Mark Twain nous conte les aventures de ce jeune garçon débordant de vie, de facéties et plein de gentille malice. Tom a à peine mis un point d'orgue à une frasque qu'il en fomente une autre en compagnie de son ami Huckleberry Finn, jeune vagabond en marge de sa famille biologique et en retrait de la société.

Quel jeune garçon, ou fillette, n'a pas rêvé un jour de devenir pirate féroce au grand cœur ? Ou encore chevalier, héros militaire ou découvreur de trésor ? Les enfants en ont rêvé.... Tom l'a fait.

C'est ainsi que le lecteur est entraîné dans une aventure extraordinaire mise en œuvre par Tom : la recherche, sur une île du Missouri, non loin de la petite ville imaginaire de Saint-Peterburg, d'un trésor de pirate. Chacun sait que les pirates enfouissent leur trésor dans un coffre sur une île déserte.

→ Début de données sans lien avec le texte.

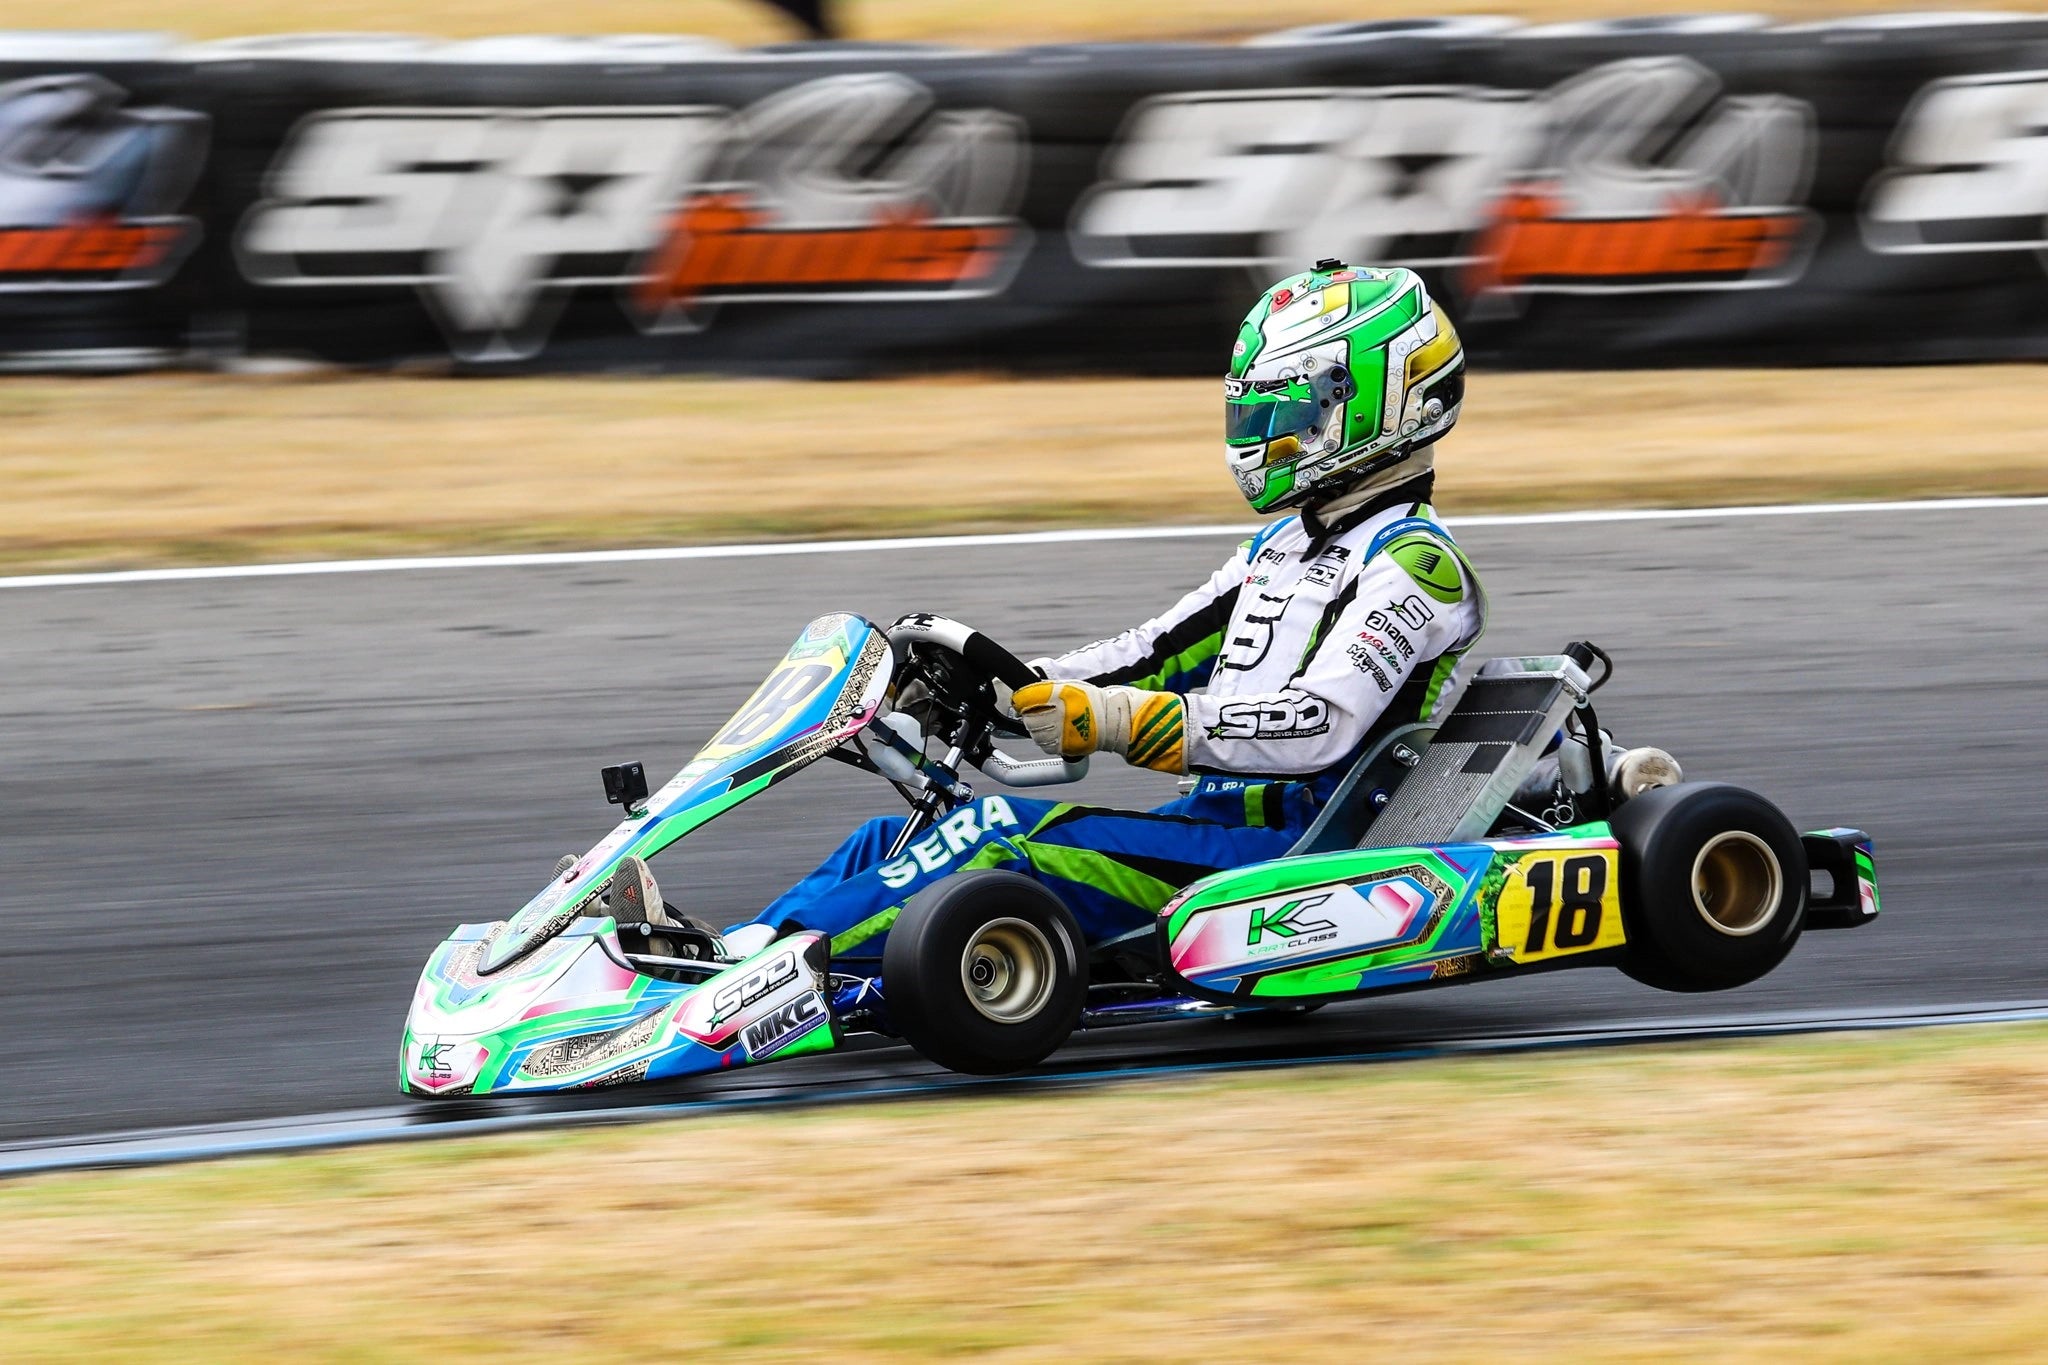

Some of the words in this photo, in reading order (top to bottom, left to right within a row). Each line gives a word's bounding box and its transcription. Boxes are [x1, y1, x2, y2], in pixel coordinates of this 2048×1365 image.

Bien entendu, les garçons n'en découvrent pas malgré tous leurs efforts. Bien entendu, ils n'avaient informé personne de leur escapade, et pour cause – la traversée est dangereuse et nécessite l' « emprunt » d'une barque – ce qui provoque la panique en ville quand leur absence prolongé est découverte. Bien entendu, Tom quittera l'île discrètement et apprendra que tout le monde les croient morts, bien entendu il se fera une joie de revenir discrètement avec ses compagnons d'aventure en ville afin d'assister, bien cachés, à leurs funérailles. Bien entendu, les loustics ne peuvent résister aux moments de grande émotion lors du service funèbre et se jettent dans les bras de leurs parents. Ils éviteront les fessées tant les familles sont heureuses de les retrouver sains et saufs.


Twain écrit, et c'est lui qui le souligne, une « épopée de l'enfance », « un hymne en prose » dont Tom est le personnage principal et est le petit garçon qu'il a pu être.

Tom déteste l'école du dimanche et l'école tout court : dès qu'il peut faire l'école buissonnière il ne rate pas l'occasion car les chemins aux alentours de la ville sont tellement plus attirants et intéressants que les leçons mornes du vieil instituteur.

Twain met à profit les frasques de son héros pour égratigner de bon cœur les méthodes d'enseignement, les modalités d'éducation de l'époque, la morale ou la médecine, les médicamentations de la tante de Tom sont joyeusement inappropriées en raison de sa crédulité face aux boniments qu'on peut lui servir.


« Tom Sawyer » c'est aussi le regard rempli de tendresse que l'on pose sur l'enfance, sa magie de l'insouciance, ses premiers émois amoureux, sa soif de découverte et de savoirs et sa tendance aux superstitions enfantines  comme venir au cimetière à minuit avec un cadavre de chat. D'ailleurs, lors de cette escapade nocturne en compagnie d'Huckleberry Finn, il aura à braver la justice expéditive (aux yeux de l'auteur) des hommes pour sauver un innocent accusé de meurtre. Joe l'indien, ombre dangereuse et terrifiante, planera sur le récit et il sera un « deus ex machina » lors de l'aventure périlleuse de la grotte.


Le lecteur se régale à chaque page, à chaque facétie du vaillant et inventif loustic qu'est Tom Sawyer. J'ai ri lors de l'épisode de la remise en peinture de la barrière au cours duquel Tom parvient à contourner la punition en faisant faire le travail par les autres gamins. Il comprend très vite que la nature humaine est un tantinet envieuse : il fait passer sa punition pour une mission hautement importante puisque Tante Polly lui a confié ces travaux de peinture au lieu d'en charger Jim son esclave ou Sid le petit frère de Tom. Forcément repeindre la palissade devient un travail remarquable : Tom échange les mètres à peindre contre diverses précieuses reliques tels que les billes, les tickets de l'école du dimanche à collectionner afin de recevoir un exemplaire de la Bible, des cerfs-volants et autres hameçons et bâtons de réglisse.


En un mot comme en mille …. ce ne fut que du bonheur à lire.